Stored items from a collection
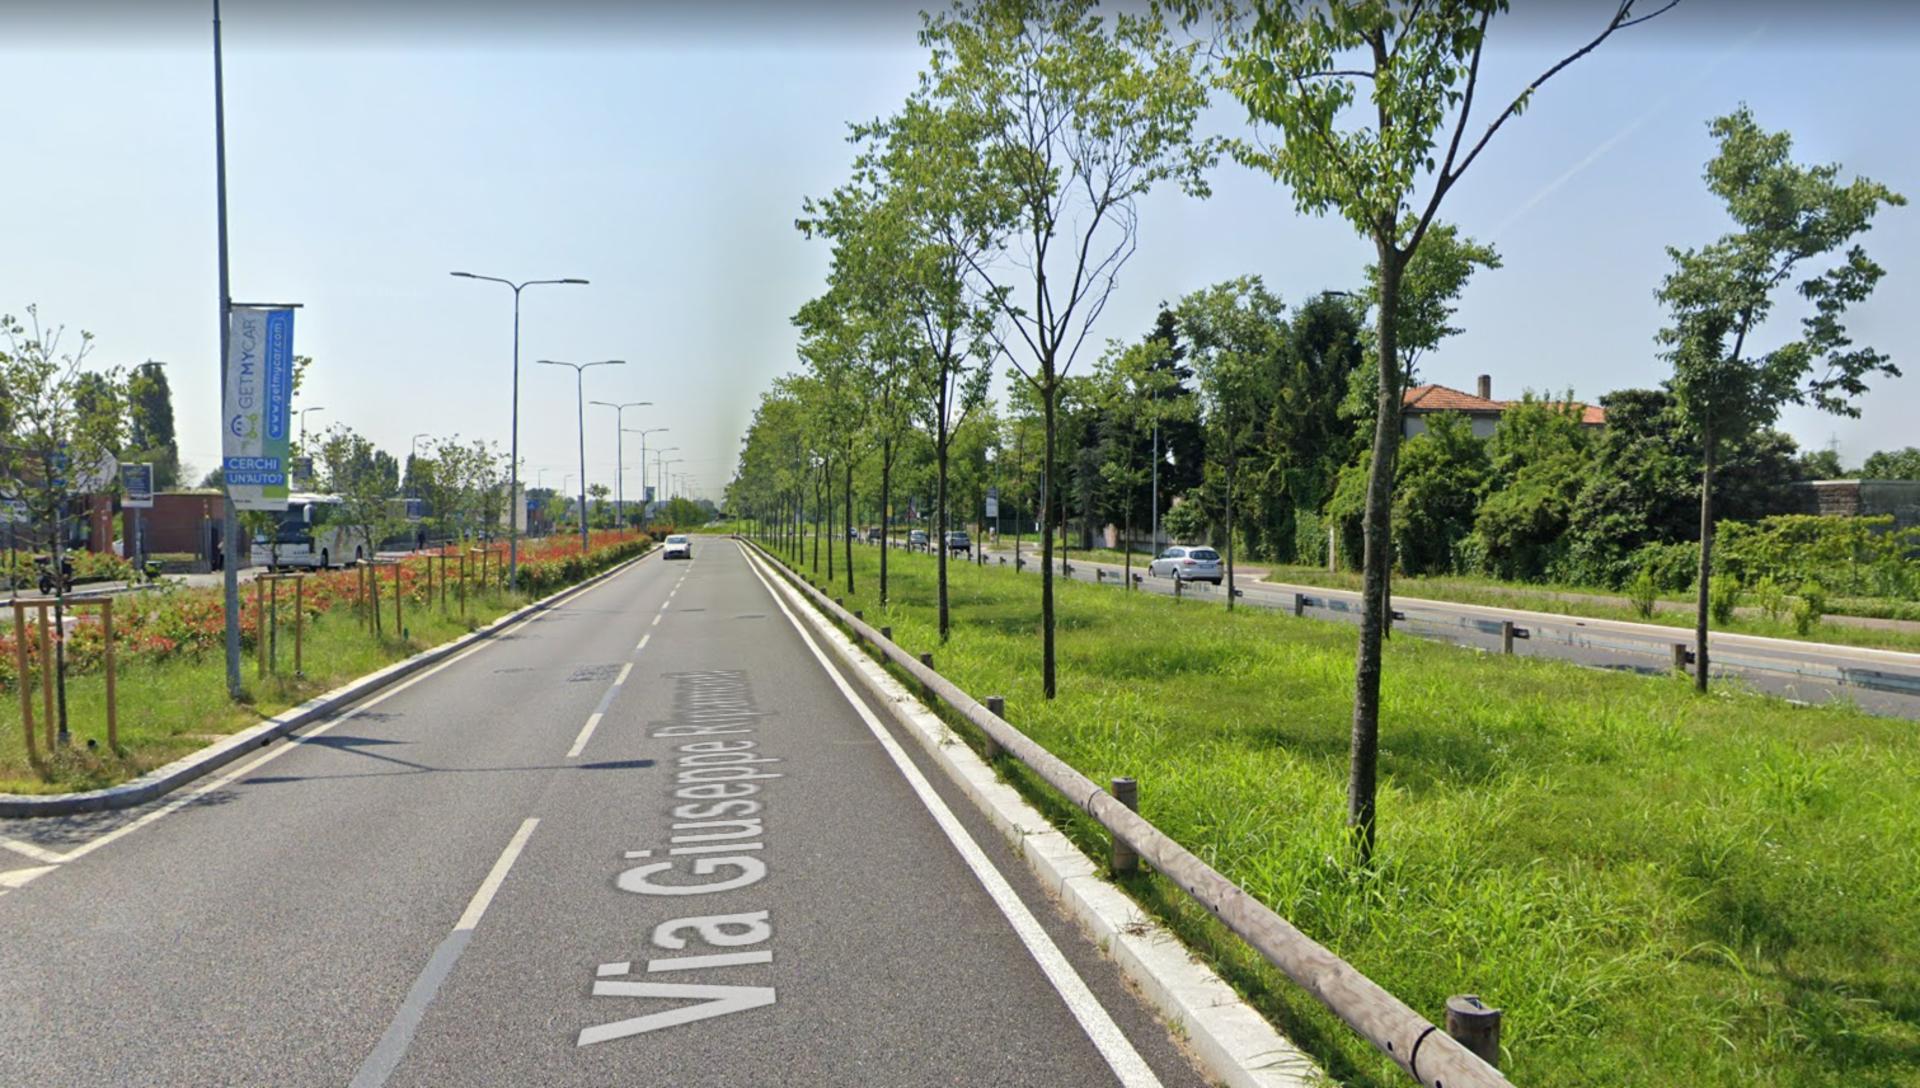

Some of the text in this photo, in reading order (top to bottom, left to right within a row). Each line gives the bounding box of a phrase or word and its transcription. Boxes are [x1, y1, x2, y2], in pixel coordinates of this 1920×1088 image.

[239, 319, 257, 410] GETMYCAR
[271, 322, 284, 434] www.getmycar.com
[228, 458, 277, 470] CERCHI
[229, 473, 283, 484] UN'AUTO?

WHAT YOU WILL DO:
Copy each entry exactly, with no pictures.

RESPONSE BOX:
Some of the text in this photo, in reading order (top to bottom, left to right within a row). Each line gives the bounding box of a phrase or word and its transcription. Boxes are [x1, y1, x2, y2], in pixel coordinates of this 1920×1088 image.

[239, 319, 257, 410] GETMYCAR
[271, 322, 284, 434] www.getmycar.com
[228, 458, 277, 470] CERCHI
[229, 473, 283, 484] UN'AUTO?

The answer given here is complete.